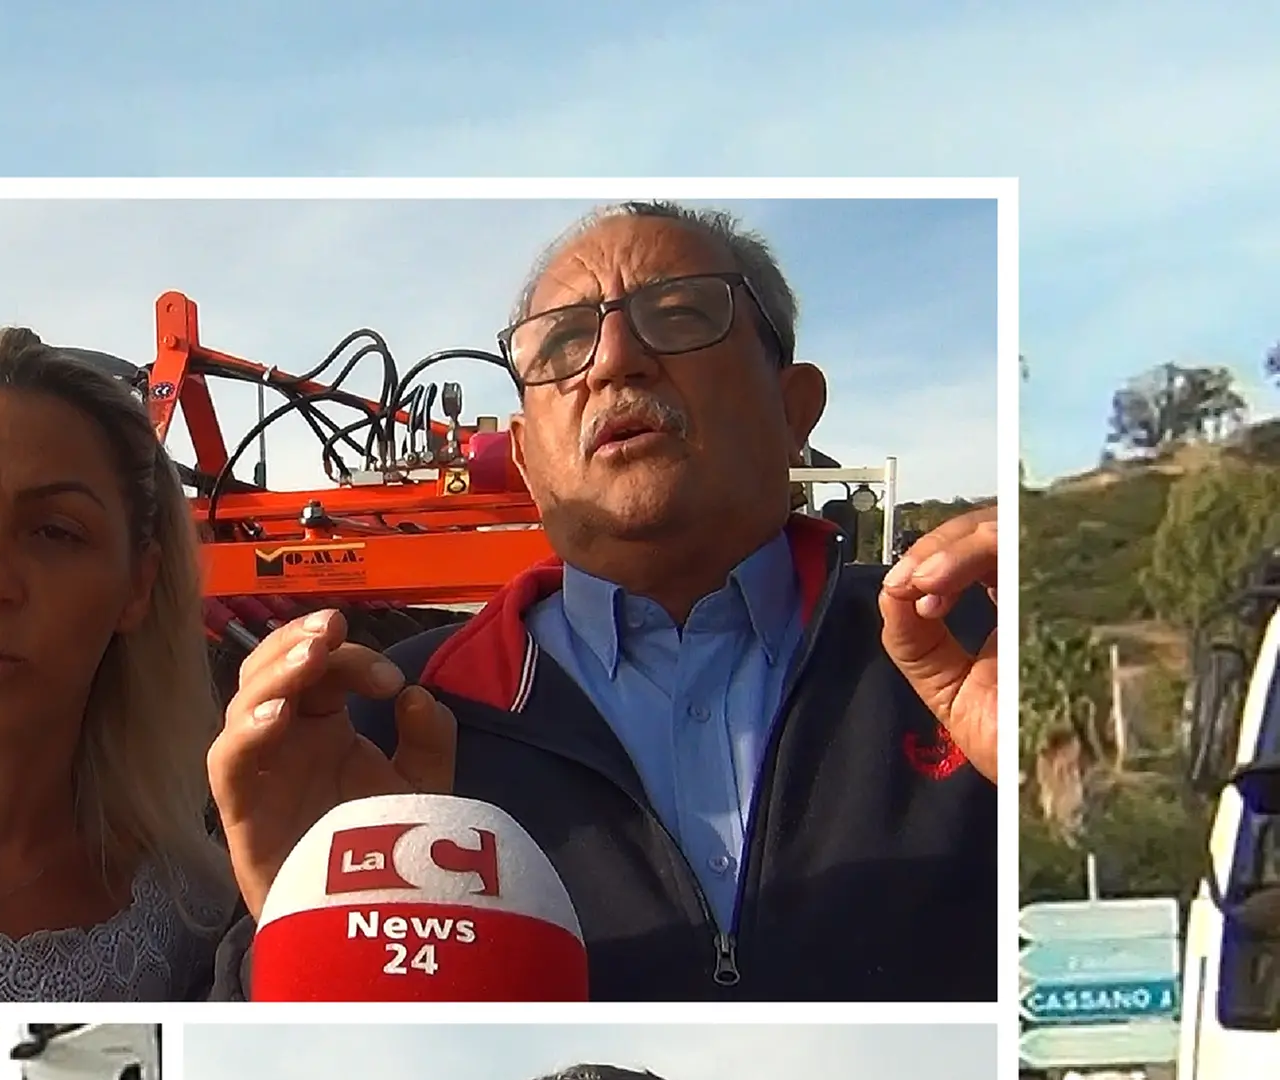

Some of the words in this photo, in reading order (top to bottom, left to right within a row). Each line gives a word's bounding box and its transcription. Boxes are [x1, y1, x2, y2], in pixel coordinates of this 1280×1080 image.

[341, 848, 385, 874] La
[347, 910, 477, 943] News
[382, 943, 438, 975] 24
[1027, 988, 1152, 1012] CASSANO

········

Exercise prompt
A faithful, complete copy of the records above is required, one that contains no pictures.

Solution to this exercise
Some of the words in this photo, in reading order (top to bottom, left to right within a row). Each line gives a word's bounding box and its transcription. Boxes are [x1, y1, x2, y2], in pixel coordinates of this 1280×1080 image.

[341, 848, 385, 874] La
[347, 910, 477, 943] News
[382, 943, 438, 975] 24
[1027, 988, 1152, 1012] CASSANO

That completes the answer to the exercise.